Jamal Al Haj (; born 28 August 1971) is a Lebanese football manager and former player who is the technical director of  club Ahed's youth sector.

Al Haj played for Nejmeh as a midfielder, whom he captained, as well as for the Lebanon national team. He was the Lebanese Premier League top scorer in his debut season, in 1989–90, scoring 12 goals. Al Haj also played for Ahed in 2004.

In 2017 he managed Nejmeh, but was fired two months later.
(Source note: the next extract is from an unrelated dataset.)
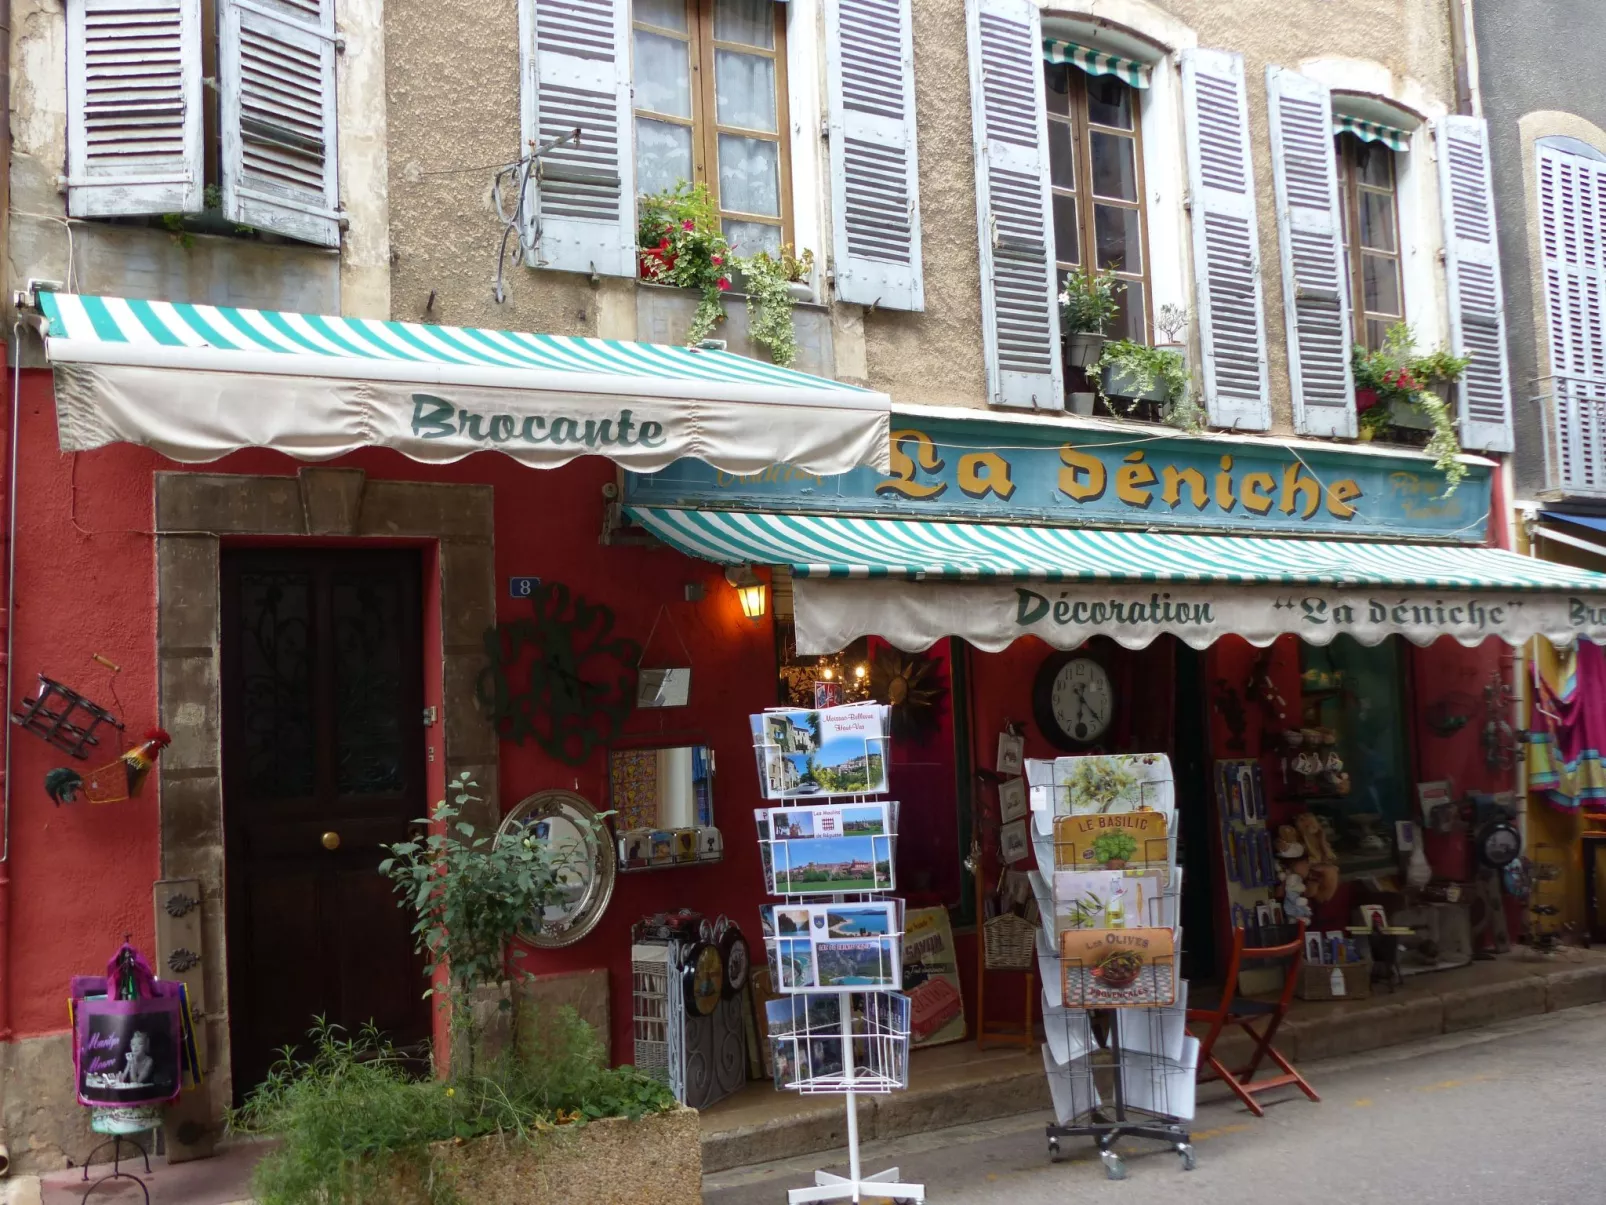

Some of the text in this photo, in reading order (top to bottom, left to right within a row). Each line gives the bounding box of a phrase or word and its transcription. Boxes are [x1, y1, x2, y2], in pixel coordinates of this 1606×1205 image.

Al Haj took charge of the Lebanon national under-23 team between 2020 and 2021.

Club career 
Al Haj made his debut for Nejmeh under Samir Al Adou, during the 1989–90 Lebanese Premier League. In his debut season, Al Haj was the league's top scorer, with 12 goals, above Fadi Alloush and Yasser Mansour from Tadamon Beirut who had scored eight goals each. He remained at Nejmeh for 14 years, captaining them for a certain period, before moving to Ahed in 2004.

International career 
Al Haj represented the Lebanon national team.

Managerial career 
Al Haj was manager of Lebanese Second Division side Khoyol in 2013. Ahead of the 2017–18 season, Al Haj was appointed head coach of Nejmeh; he was fired two months later. On 12 October 2020, Al Haj was announced head coach of the Lebanon national under-23 team. He resigned on 26 July 2021.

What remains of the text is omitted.